The resulting Python script will be named notebook.py in the example above. Next, open the Python script with a text editor. Several modifications to the script are needed. Modify the list of imported packages as needed, but in particular, remove get_ipython().magic('matplotlib inline'). Change from plantcv.parallel import WorkflowInputs to from plantcv.parallel import workflow_inputs.

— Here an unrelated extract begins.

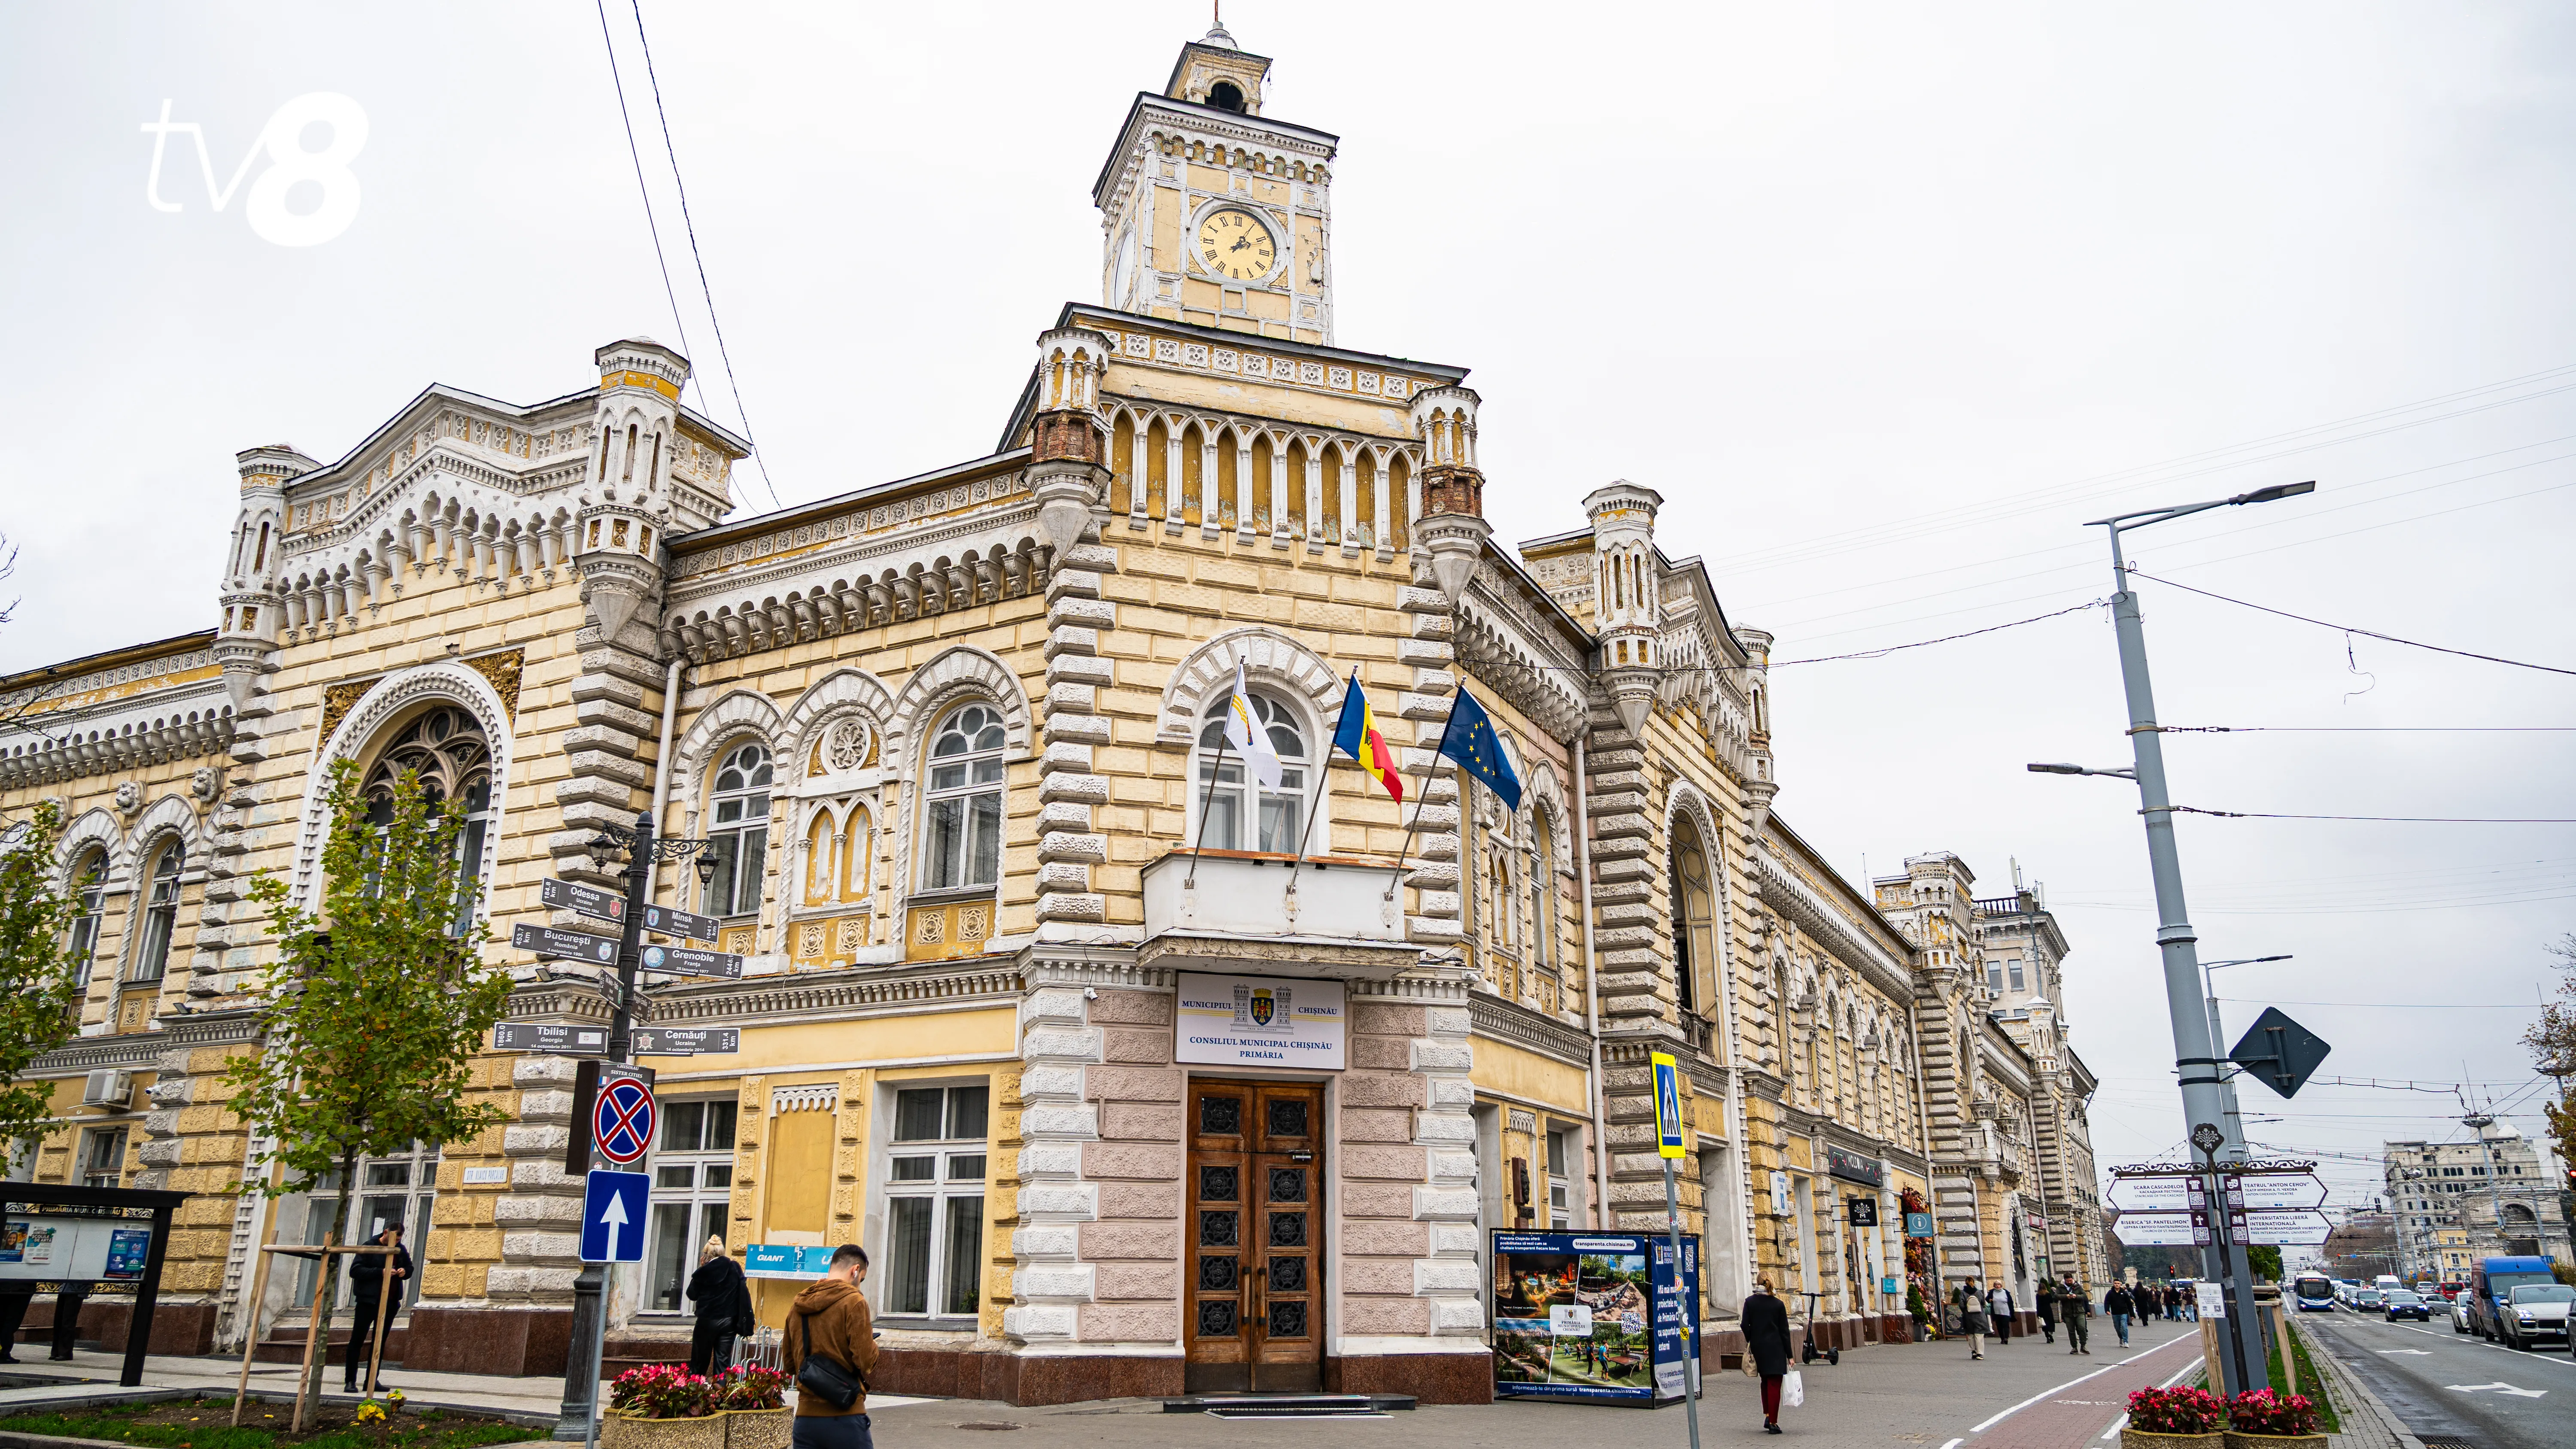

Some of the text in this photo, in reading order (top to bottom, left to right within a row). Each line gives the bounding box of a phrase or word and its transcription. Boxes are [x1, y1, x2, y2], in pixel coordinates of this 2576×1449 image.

Change the code for managing inputs, for example:

args = WorkflowInputs(images=["./input_color_img.jpg"],
                      names="image",
                      result="plantcv_results.csv",
                      debug="plot")

To:

args = workflow_inputs()

See workflow_inputs for more details.

Make any other alterations as necessary after testing. Based on the simple Jupyter Notebook example above, the fully modified version would look like the following:

from plantcv import plantcv as pcv
from plantcv.parallel import workflow_inputs

# Get command-line options
args = workflow_inputs()

# Set variables
pcv.params.debug = args.debug  # Replace the hard-coded debug with the debug flag

img, imgpath, imgname = pcv.readimage(filename=args.image)

# Put workflow 
# steps from 
# Jupyter here

# Print data that gets collected into the Outputs 
pcv.outputs.save_results(filename=args.result, outformat="json")

There are examples of full Python scripts found at the bottom of each tutorial.